On the menu at BORAGó you can find primitive dishes, wild products, coming from selected micro-agricultures. The locavorism starts here. With sea fruits, called loco—a type of Jurassic clams belonging to the abalone species, a real local treasure for which the Chileans go ‘loco’ for. Besides the loco, you can try the Picorocos and the Cochayuyos salads. “I’m gonna show you tomorrow. We will go with Tommy and Sergio to pick them up on the Quintay coast. You would never say it but they are mutant seaweeds, like lianas, but bigger, that grow on the rocks. When they are cooked they remind you of the taste of Jerusalem artichoke mixed with scallops.” Delicious.

It is an introspective cuisine showing an intimate metamorphosis of nature. No wonder Guzman went to a good school. One of the best, in fact. At Andoni Aduriz’s, the Basque witch doctor of Restaurant Mugaritz. A couple of seasons on the frontline to combine experimentation and poetry, and the result will “distort your point of view of the world forever,” the young Chilean says. A combination of tradition and innovation. He transforms the Chupe, a vegetarian roast of mushrooms with fresh and dehydrated morels into an intense cream. A masterpiece? Of course, even if it has to share its honorific title with the Pichanga de Cordillère from 1,000 metres, a variation of pickles, the personal version of a Chilean folk dish revised with celery, fresh cheese with nettle ash and elm salt, a reddish powder extracted from the bark of the tree with the same name, and… parasites. “Parasites are simply some excrescences of fungus—the most natural thing on earth—they grow on the bark of trees. Like the berries in the wood,” Guzman says.

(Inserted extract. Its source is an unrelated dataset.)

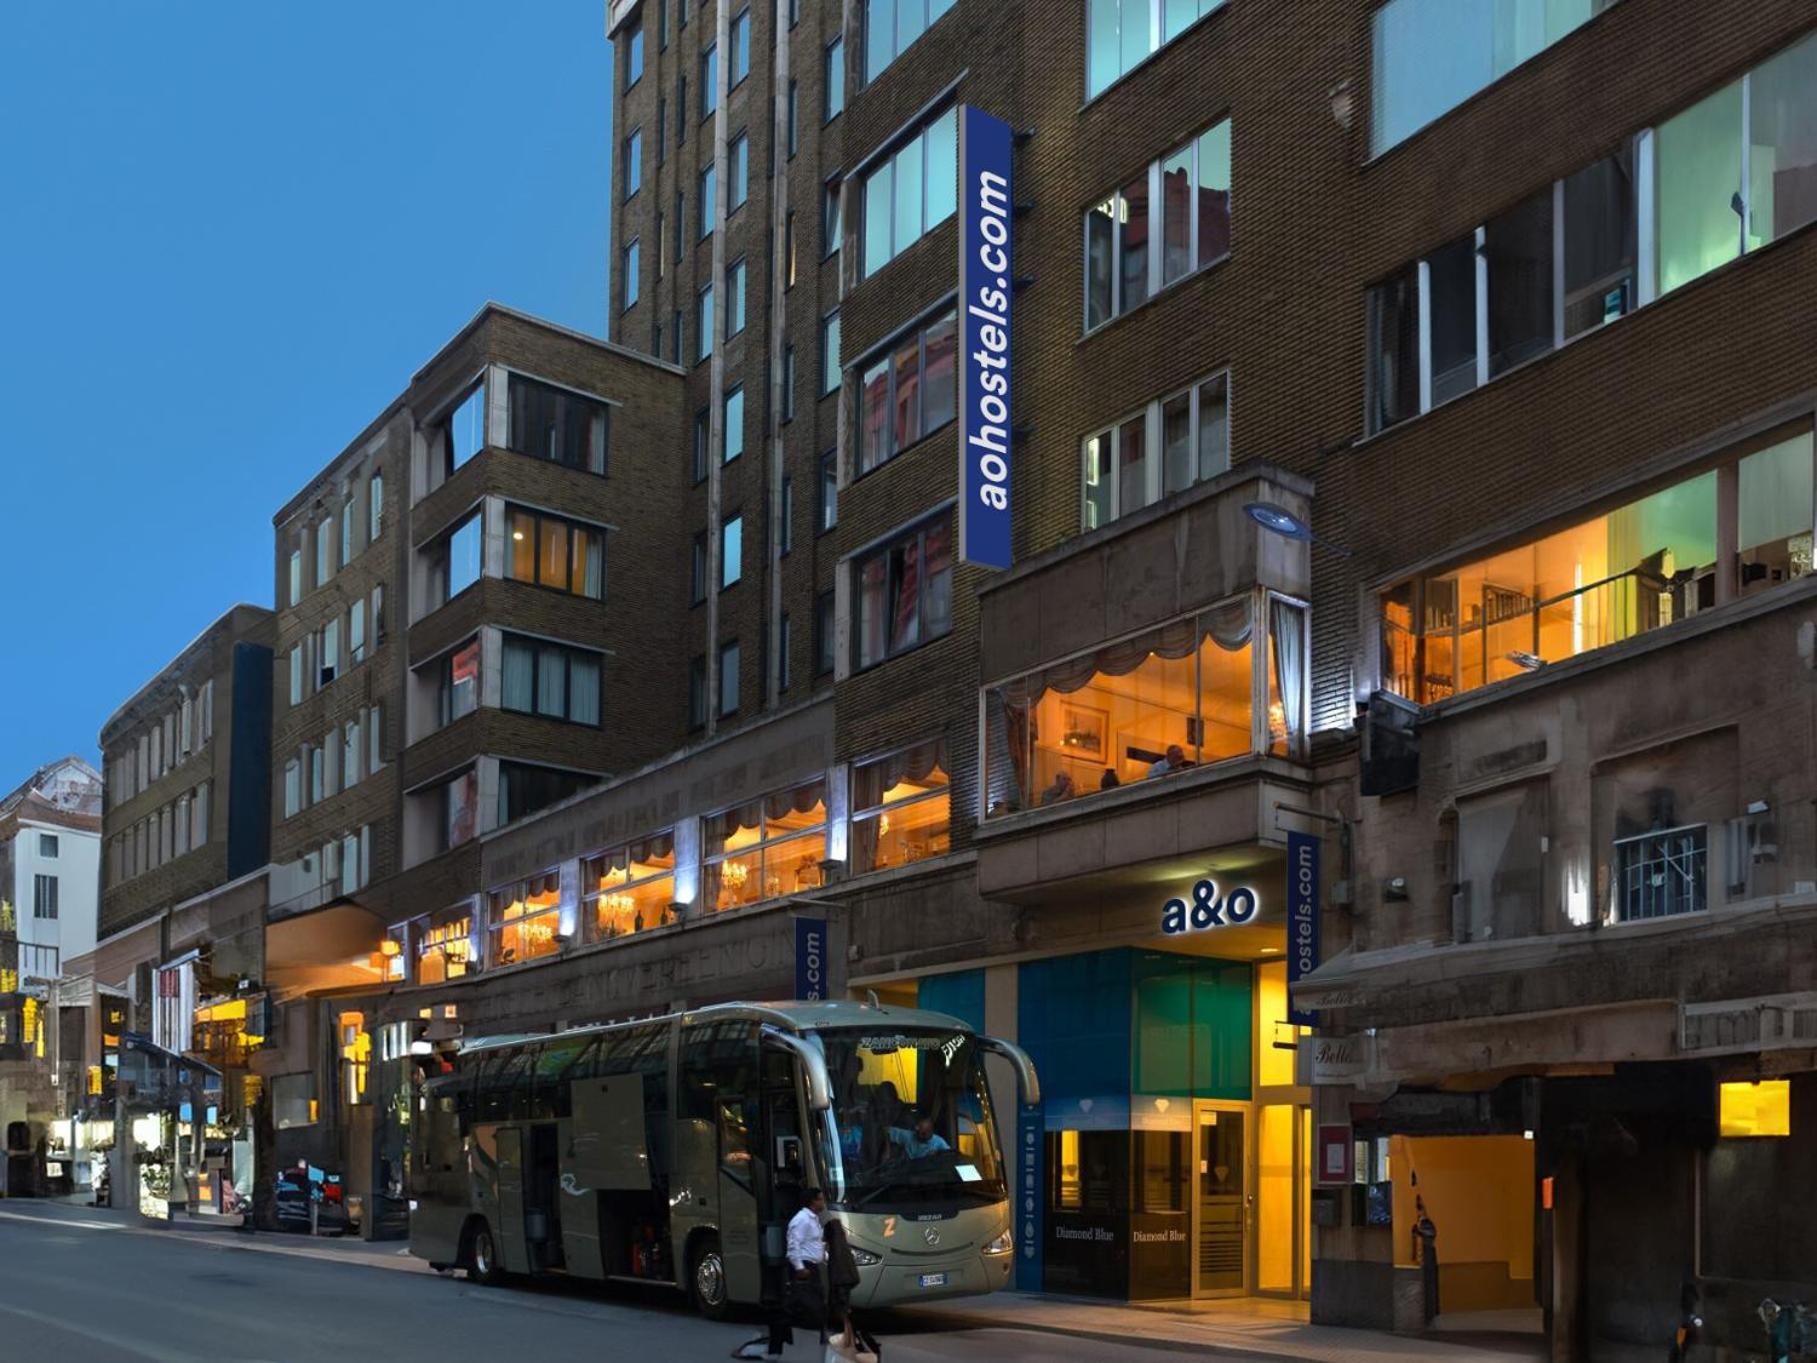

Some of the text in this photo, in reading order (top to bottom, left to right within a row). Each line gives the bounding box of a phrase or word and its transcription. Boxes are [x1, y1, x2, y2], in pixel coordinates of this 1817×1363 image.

It is the strength of Guzman’s touch. An incessant, hidden work for the cultural sedimentations of Chilean traditions, but with an innate elegance, a sharp style, which is immediately recognisable. At number eight, Rudy has almost reached the ‘pole position’ of Latin America’s 50 Best Restaurant Awards. Last September, Rodolfo Guzman was given an ovation in Chile and all over the world, like a pop hero. Time changes: who knows why 40 years ago another big Chilean reformist, a leader of the National Unity, reached less unanimous consent than our curly-haired chef of today.